Capital Expenditures
The Company had capital expenditures of $7.3 million in 2000 compared
to $2.6 million in 1999. Capital expenditures at Charles Town were approximately
$5.1 million for the indoor paddock project that will be the new gaming floor
space for 500 machines ($1.7 million), 174 new reel spinning, coin-out slot
machines ($1.3 million) and equipment replacement and upgrades ($2.3 million).
Capital expenditures at Penn National and its OTW facilities ($.3 million) and
Pocono Downs and its OTW facilities ($.2 million) were for normal equipment
replacement and leasehold improvements. Pocono Downs has also spent $1.5 million
on the construction of its new OTW facility in East Stroudsburg, Pennsylvania.

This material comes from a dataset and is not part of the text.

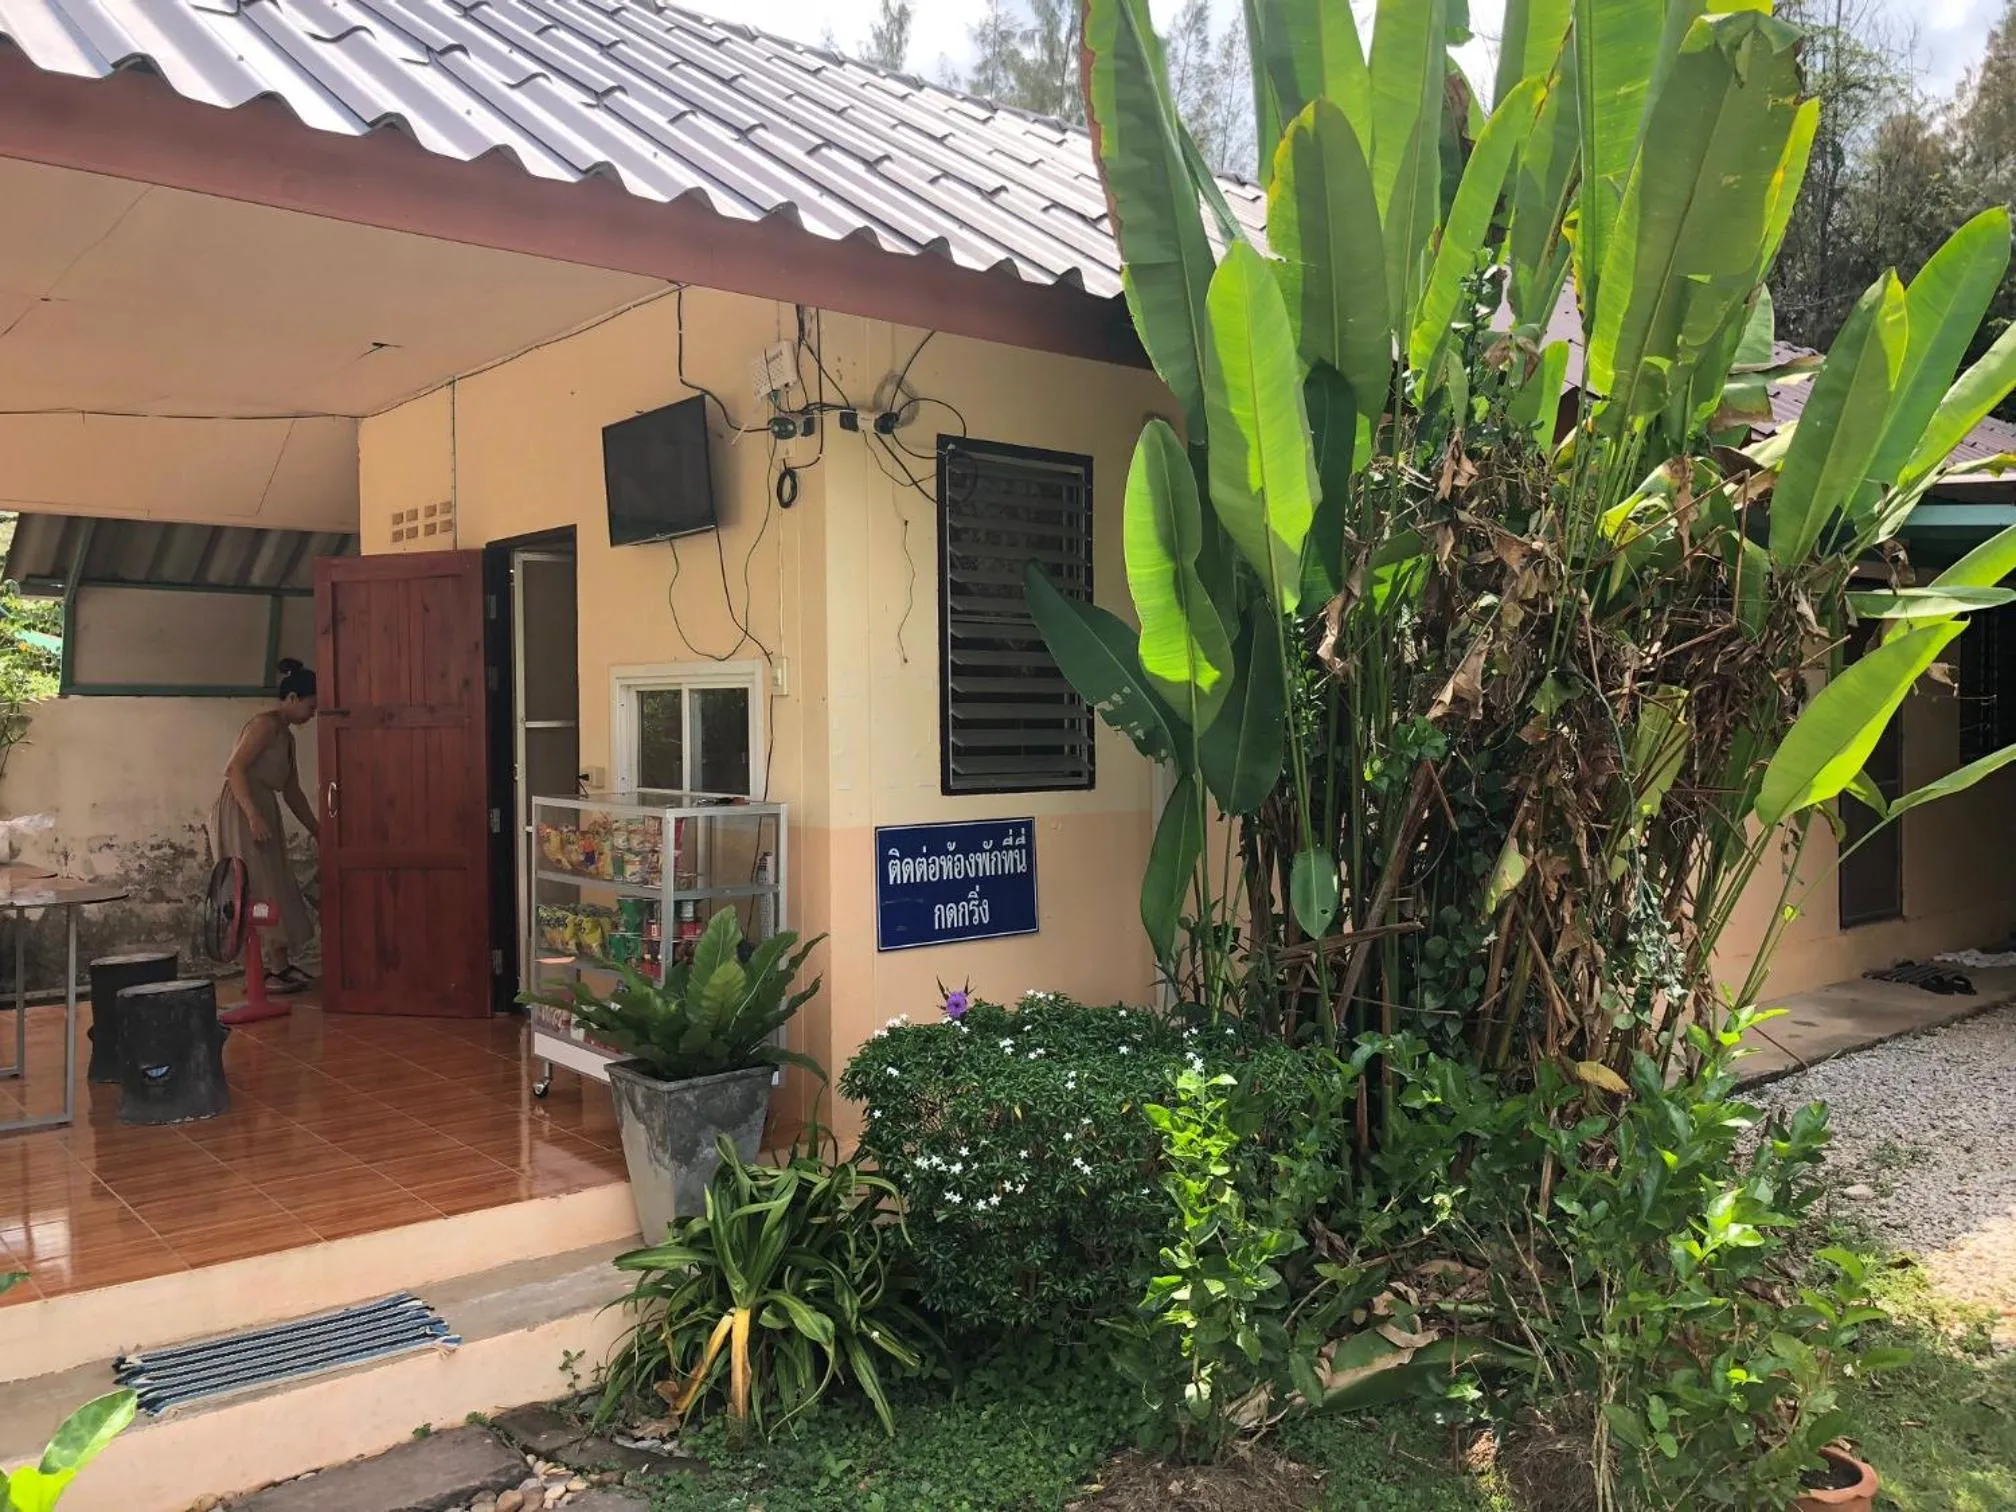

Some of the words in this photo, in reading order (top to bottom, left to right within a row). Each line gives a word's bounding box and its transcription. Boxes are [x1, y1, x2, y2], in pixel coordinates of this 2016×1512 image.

[887, 827, 1026, 885] ติดต่อห้องพักที่นี่
[934, 885, 989, 930] กดกริ่ง

The new OTW opened July 31, 2000. As a result, depreciation and amortization
increased $.2 million or 5.4% to $4.4 million in 2000 from $4.1 million in 1999.
LIQUIDITY AND CAPITAL RESOURCES
Historically, the Company's primary sources of liquidity and capital
resources have been cash flow from operations, borrowings from banks and
proceeds from issuance of equity securities.

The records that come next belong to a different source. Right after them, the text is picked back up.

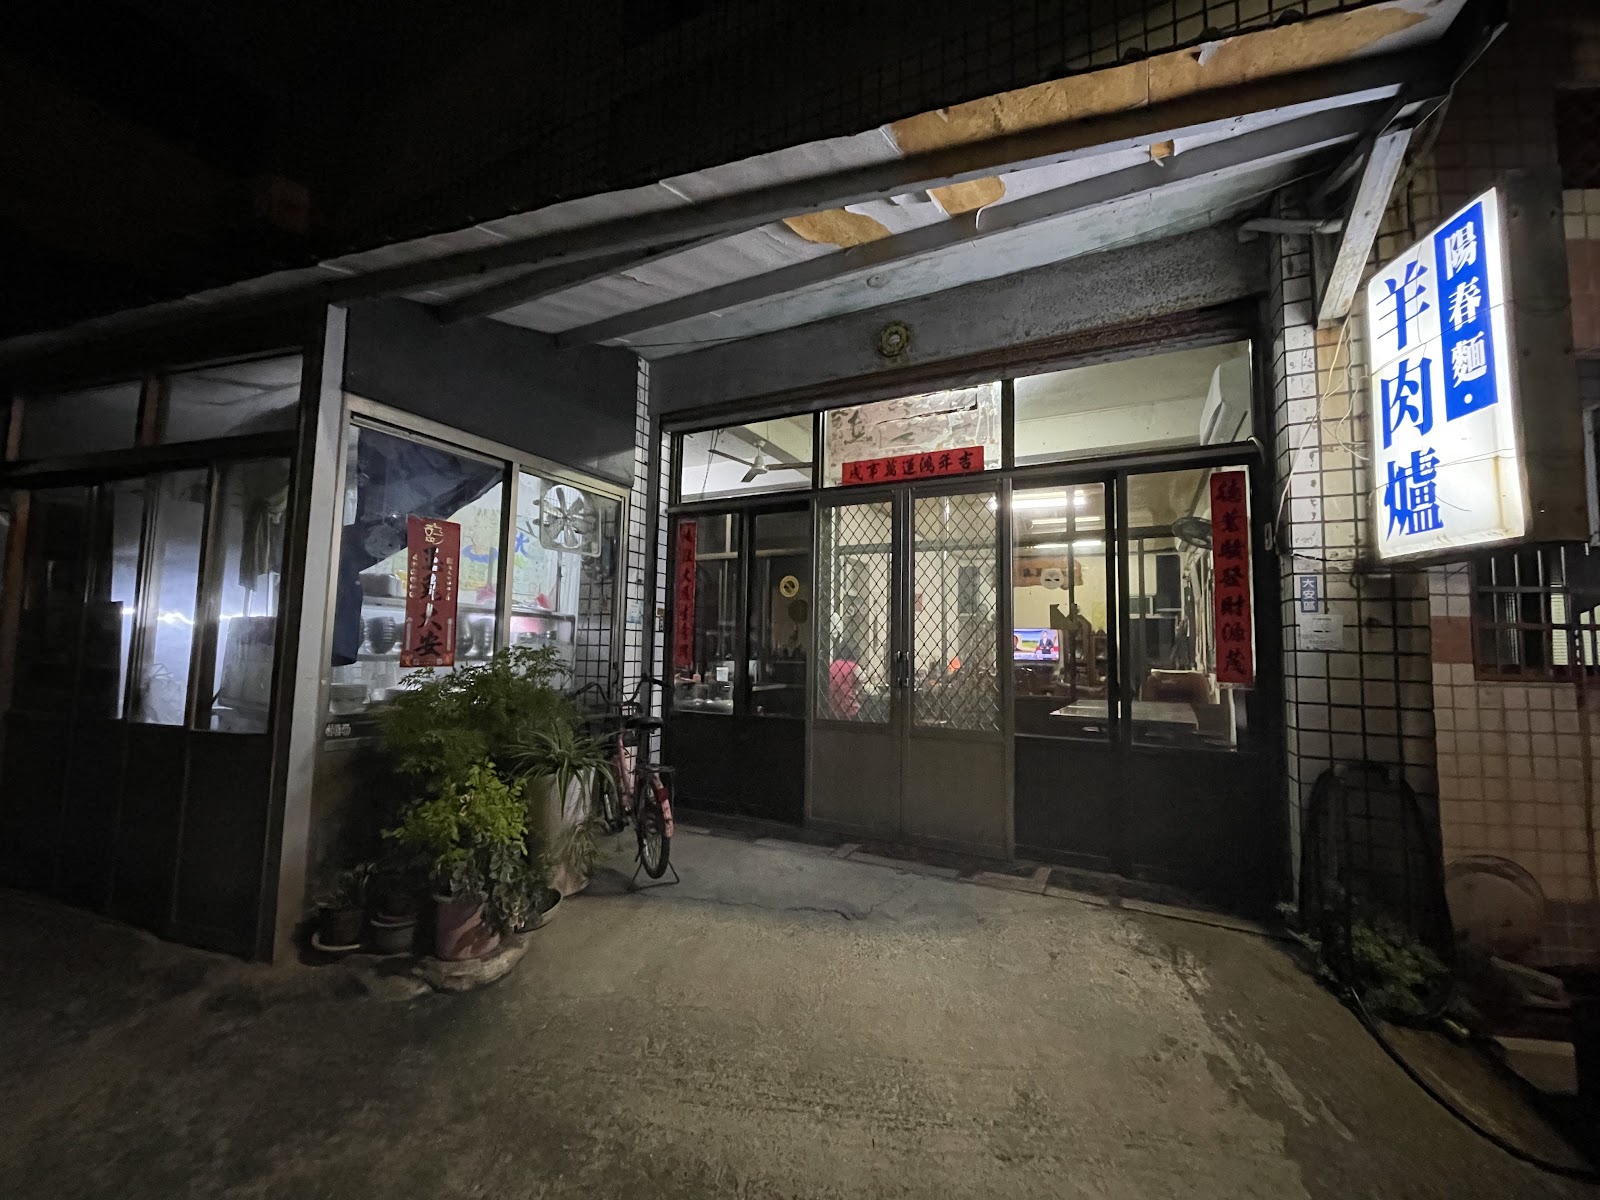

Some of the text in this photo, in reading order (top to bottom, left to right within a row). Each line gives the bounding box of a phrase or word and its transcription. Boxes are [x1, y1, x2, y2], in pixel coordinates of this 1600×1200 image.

[1443, 219, 1488, 391] 陽春麵
[1374, 260, 1445, 542] 羊肉爐
[1302, 578, 1319, 612] 大安區
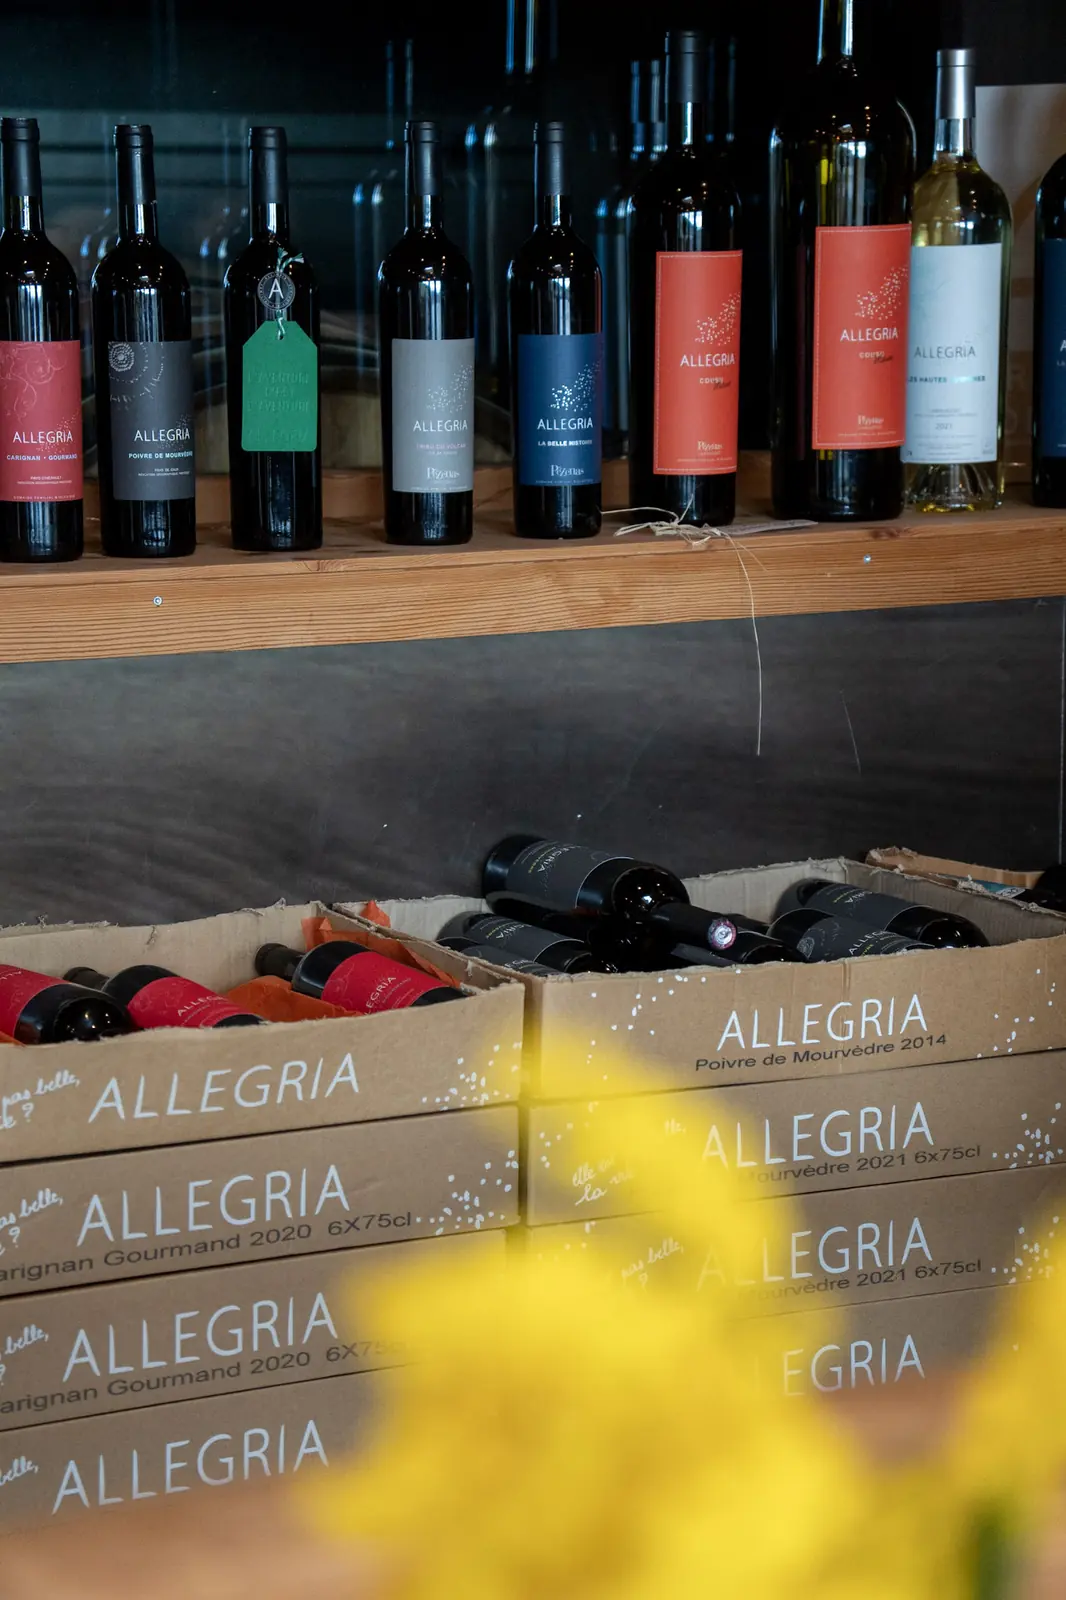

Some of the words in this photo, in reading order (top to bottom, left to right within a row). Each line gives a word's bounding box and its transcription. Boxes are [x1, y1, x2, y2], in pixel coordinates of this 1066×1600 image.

[268, 278, 284, 299] A
[840, 327, 899, 342] ALLEGRIA
[680, 353, 735, 367] ALLEGRIA
[914, 345, 976, 359] ALLEGRIA
[13, 430, 73, 444] ALLEGRIA
[134, 428, 191, 442] ALLEGRIA
[412, 420, 468, 432] ALLEGRIA
[537, 417, 593, 430] ALLEGRIA
[6, 453, 41, 461] CARIGNAN
[48, 453, 78, 461] GOURMAND
[717, 994, 928, 1051] ALLEGRIA
[695, 1055, 757, 1072] Poivre
[763, 1052, 787, 1067] de
[901, 1034, 947, 1050] 2014
[88, 1052, 360, 1124] ALLEGRIA
[701, 1101, 934, 1170] ALLEGRIA
[857, 1154, 906, 1172] 2021
[914, 1144, 981, 1165] 6x75cl
[76, 1164, 350, 1247] ALLEGRIA
[0, 1258, 93, 1281] arignan
[104, 1235, 240, 1267] Gourmand
[250, 1224, 312, 1248] 2020
[327, 1211, 412, 1237] 6X75cl
[857, 1269, 906, 1288] 2021
[914, 1258, 982, 1279] 6x75cl
[63, 1292, 338, 1382] ALLEGRIA
[0, 1387, 98, 1414] arignan
[107, 1361, 241, 1397] Gourmand
[250, 1351, 311, 1375] 2020
[326, 1340, 400, 1363] 6X75
[51, 1419, 329, 1515] ALLEGRIA

Net cash provided from operating activities was $12.0 million for the
period ended June 30, 2000. This consisted of net income and non-cash expenses
($13.8 million), a decrease in prepaid income taxes ($1.1 million) and an
increase in corporate income tax liability ($2.6 million) due to an increase in
taxable income, a decrease in accounts payable and accrued expenses due to
completion of construction for the temporary facility at Charles Town ($4.2
million), an increase in prepaid expenses for the Mississippi acquisition ($.8
million) and other expenses ($.4 million), and other changes in certain assets
and liabilities ($.1 million).
Cash flows used in investing activities for the period ended June 30,
2000 ($13.0 million) consisted of the Company's buyout of the 11% interest in
Charles Town that was owned by other investors ($5.9 million), machinery,
equipment and improvements at Charles Town ($2.3 million), 174 new reel
spinning, coin-out slot machines at Charles Town ($1.3 million), construction of
the new gaming area at Charles Town ($1.6 million), equipment replacement and
building improvements at Penn National ($.3 million) and Pocono Downs ($.2
million) facilities, and construction of the East Stroudsburg OTW facility ($1.5
million).
Cash flows provided by financing activities ($5.3 million) consisted of
borrowings under the credit facility ($4.8 million) for Charles Town expansion
and proceeds from the exercise of stock options and warrants ($.6 million). This
was offset by an increase in financing costs ($.1 million) for amending the
credit facility.
28
<PAGE>
The Company is subject to possible liabilities arising from the
environmental condition at the Landfill adjacent to Pocono Downs. Specifically,
the Company may incur expenses in connection with the Landfill in the future,
which expenses may not be reimbursed by the four municipalities, which are
parties to the Settlement Agreement. The Company is unable to estimate the
amount, if any, that it may be required to expend.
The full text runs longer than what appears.